Tracking the trails of cyberattackers
“The people trained here will learn the skills and capabilities to ward off cyberthreats,” says Professor Jarmo Harju, who leads the TUTCyberLabs project.
TUTCyberLabs is a new research and education platform that intensifies cybersecurity research and provides hands-on training on how to identify cyberthreats and fight cyberattacks.
Cyberattacks can seriously disrupt the critical functions of society by paralysing critical systems, such as communicaton networks, electricity distribution and water supply. In the worst case, police and defence authorities cannot communicate with each other, hospitals do not have enough electricity for vital operations, and the production lines of factories are brought to a standstill.
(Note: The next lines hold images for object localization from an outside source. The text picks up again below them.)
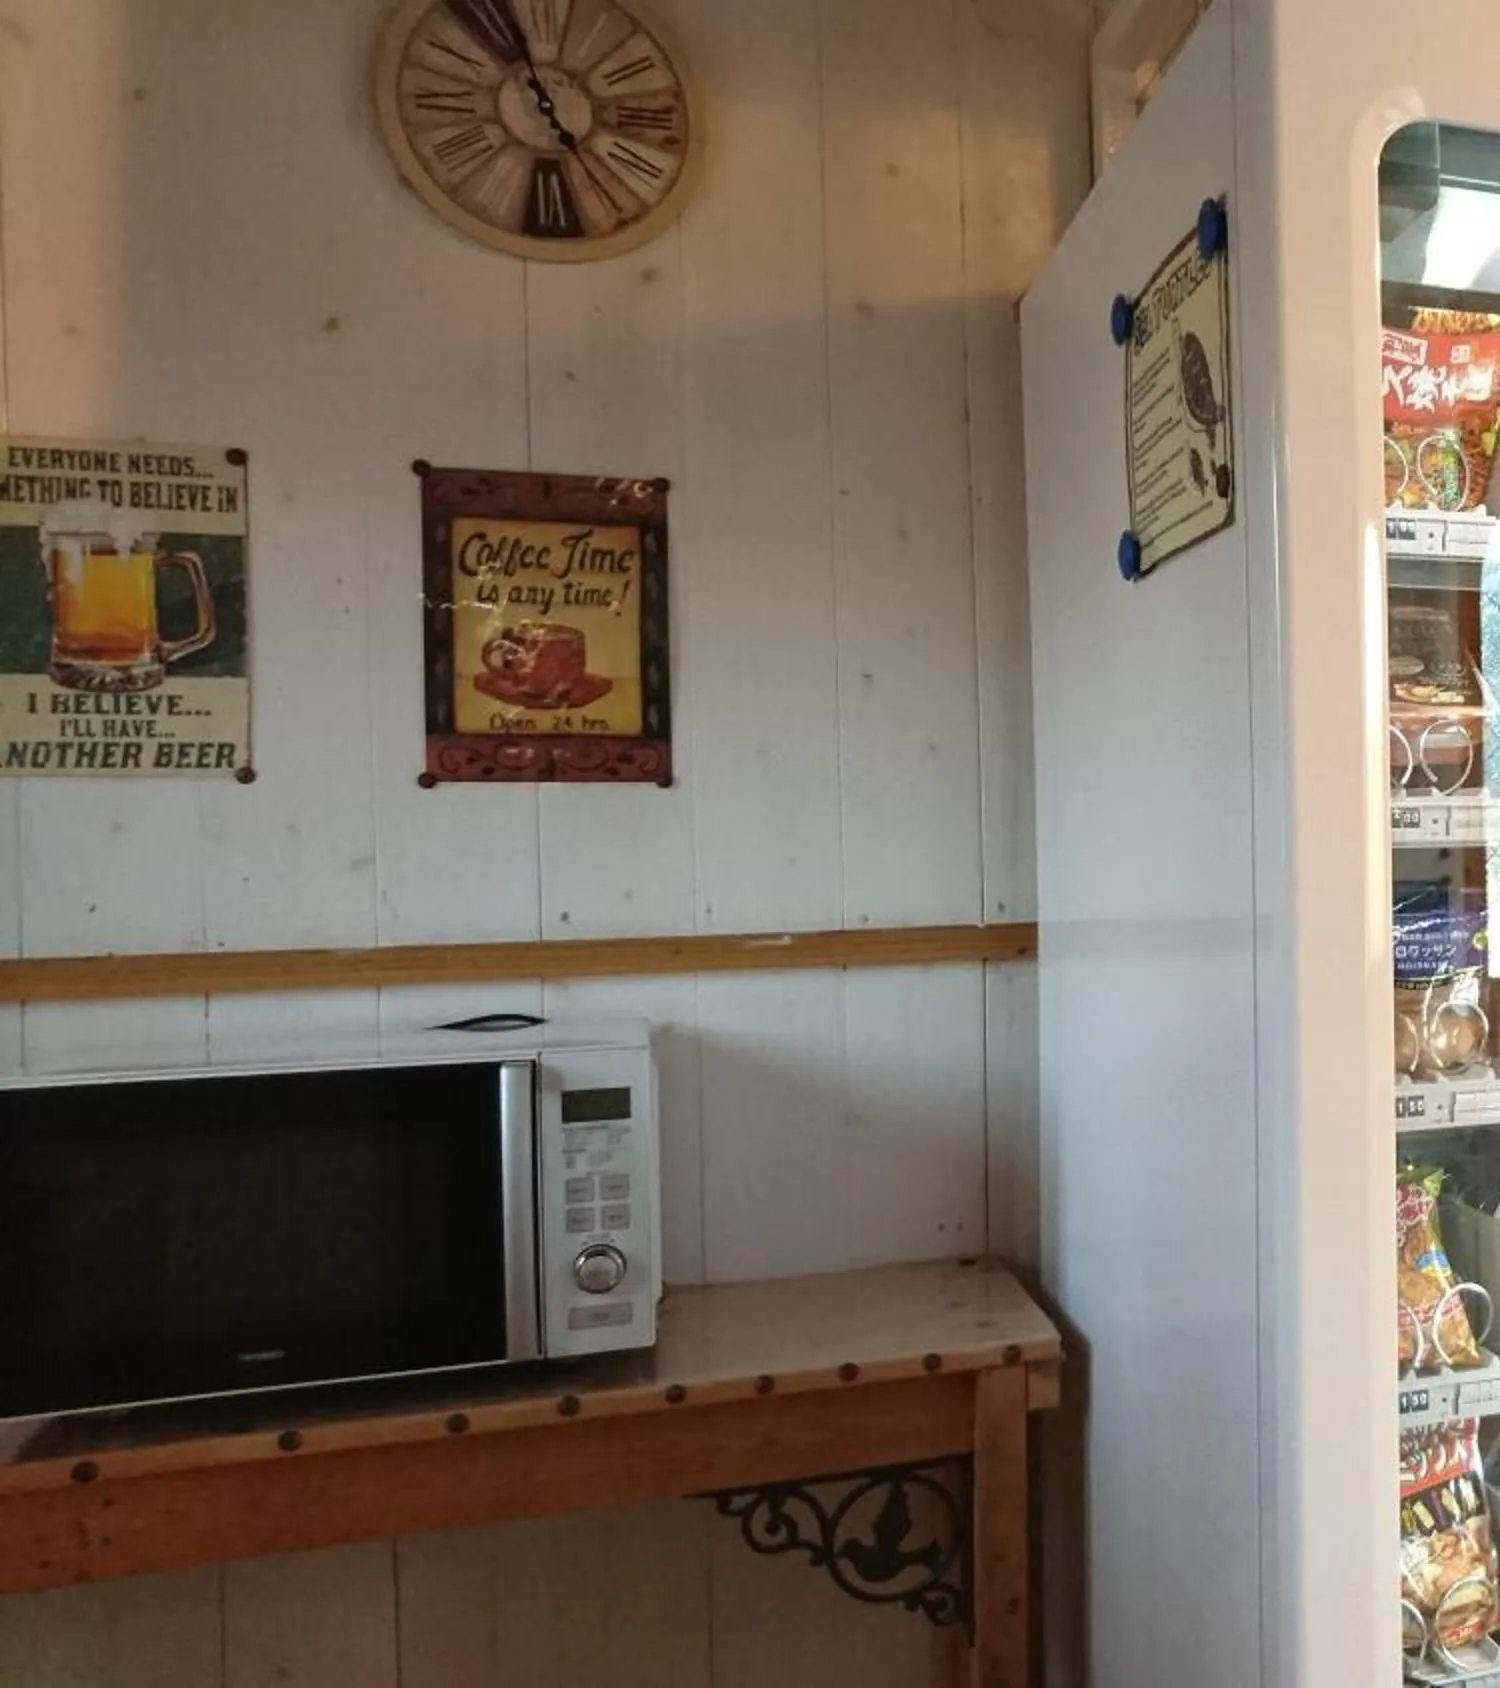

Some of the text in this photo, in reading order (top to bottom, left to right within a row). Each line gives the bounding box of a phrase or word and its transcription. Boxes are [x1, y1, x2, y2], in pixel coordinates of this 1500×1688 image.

[7, 446, 215, 478] EVERYONE NEEDS...
[97, 478, 123, 508] TO
[130, 480, 213, 512] BELIEVE
[218, 486, 239, 513] IN
[459, 527, 635, 580] Coffee Time
[476, 582, 499, 603] is
[507, 583, 555, 616] any
[26, 691, 213, 718] I BELIEVE...
[59, 718, 177, 740] I'LL HAVE...
[489, 712, 537, 734] Open
[552, 714, 572, 732] 24
[0, 741, 238, 769] NOTHER BEER
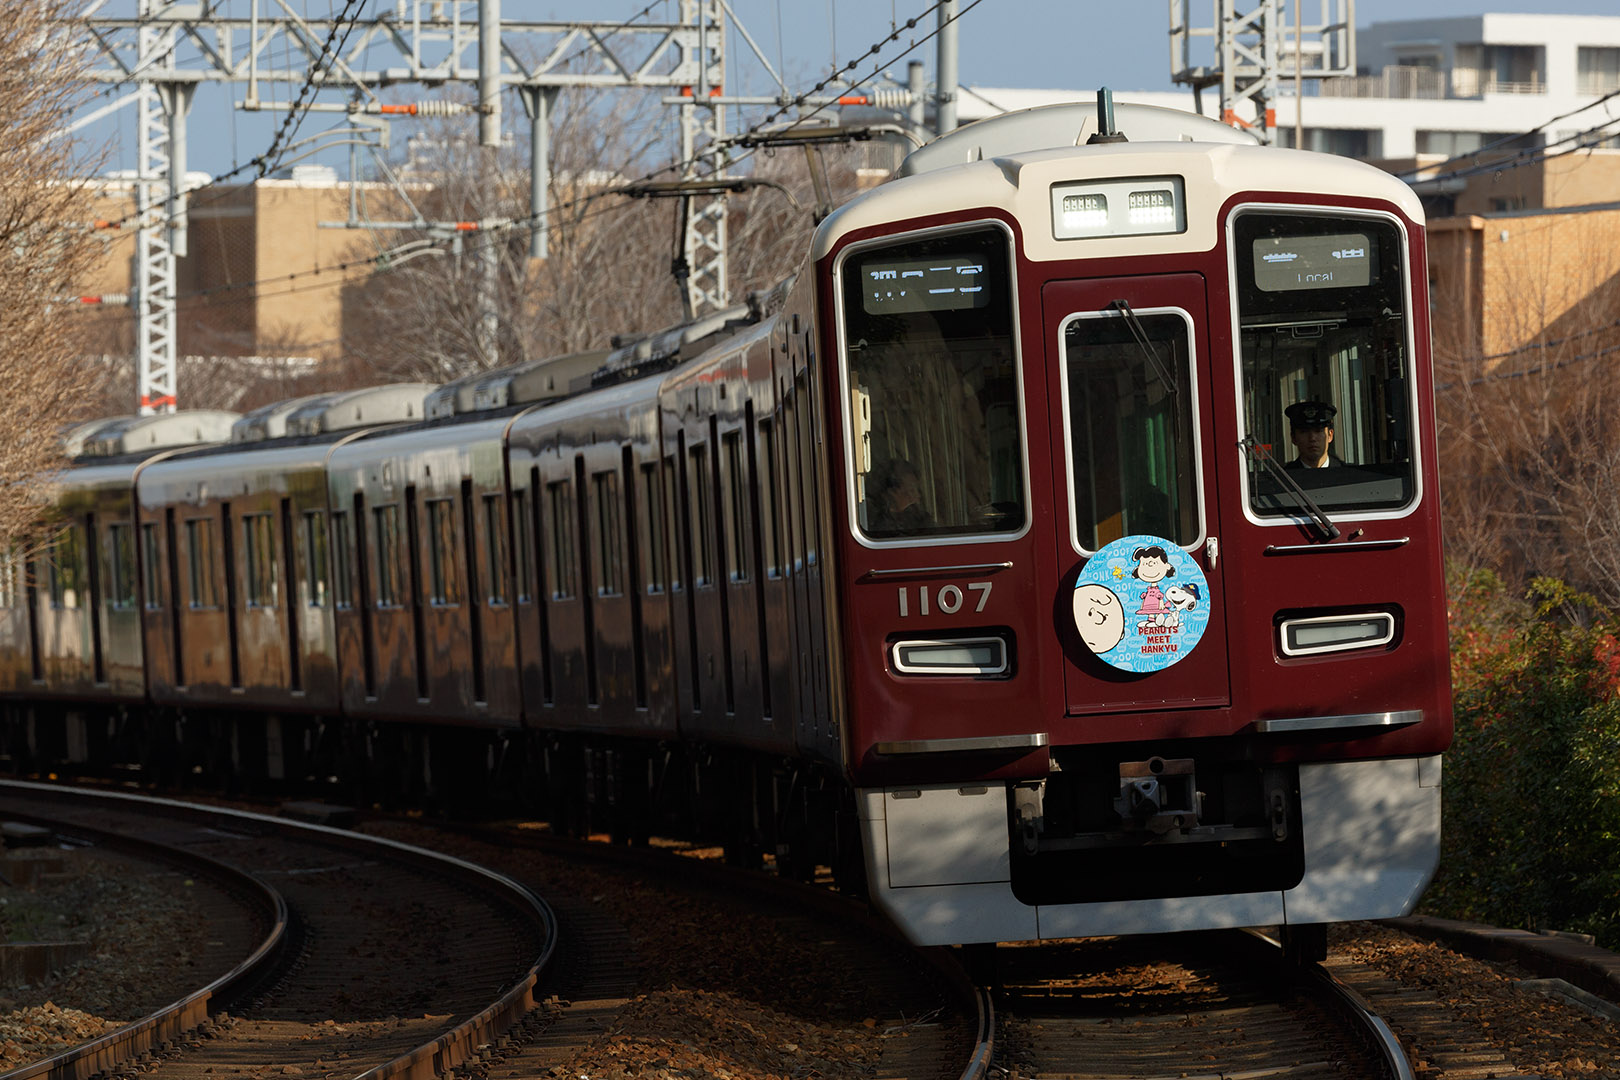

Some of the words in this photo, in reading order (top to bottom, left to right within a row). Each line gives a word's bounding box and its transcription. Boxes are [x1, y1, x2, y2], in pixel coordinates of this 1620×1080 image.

This scenario is possible in a cyberwar.
Cyberthreats range from cybercrime and cyberactivism (hactivism) to cyberespionage and, as the ultimate form, cyberwar.
Hands-on cybersecurity training
“Cybercriminals make money by taking advantage of vulnerabilities in information security, while hacktivists (hacker activists) perform malicious attacks, claiming to make an ethical statement. Furthermore, many countries conduct systematic cyberespionage,” describes Professor Jarmo Harju from the Department of Pervasive Computing at TUT.
“In all of these cases, tracking the trails left by the perpetrators is quite difficult. Recent developments have opened our eyes about the extent of cyberespionage that is going on. Concrete evidence has been leaked about the advanced tools and methods that are being used to obtain information.”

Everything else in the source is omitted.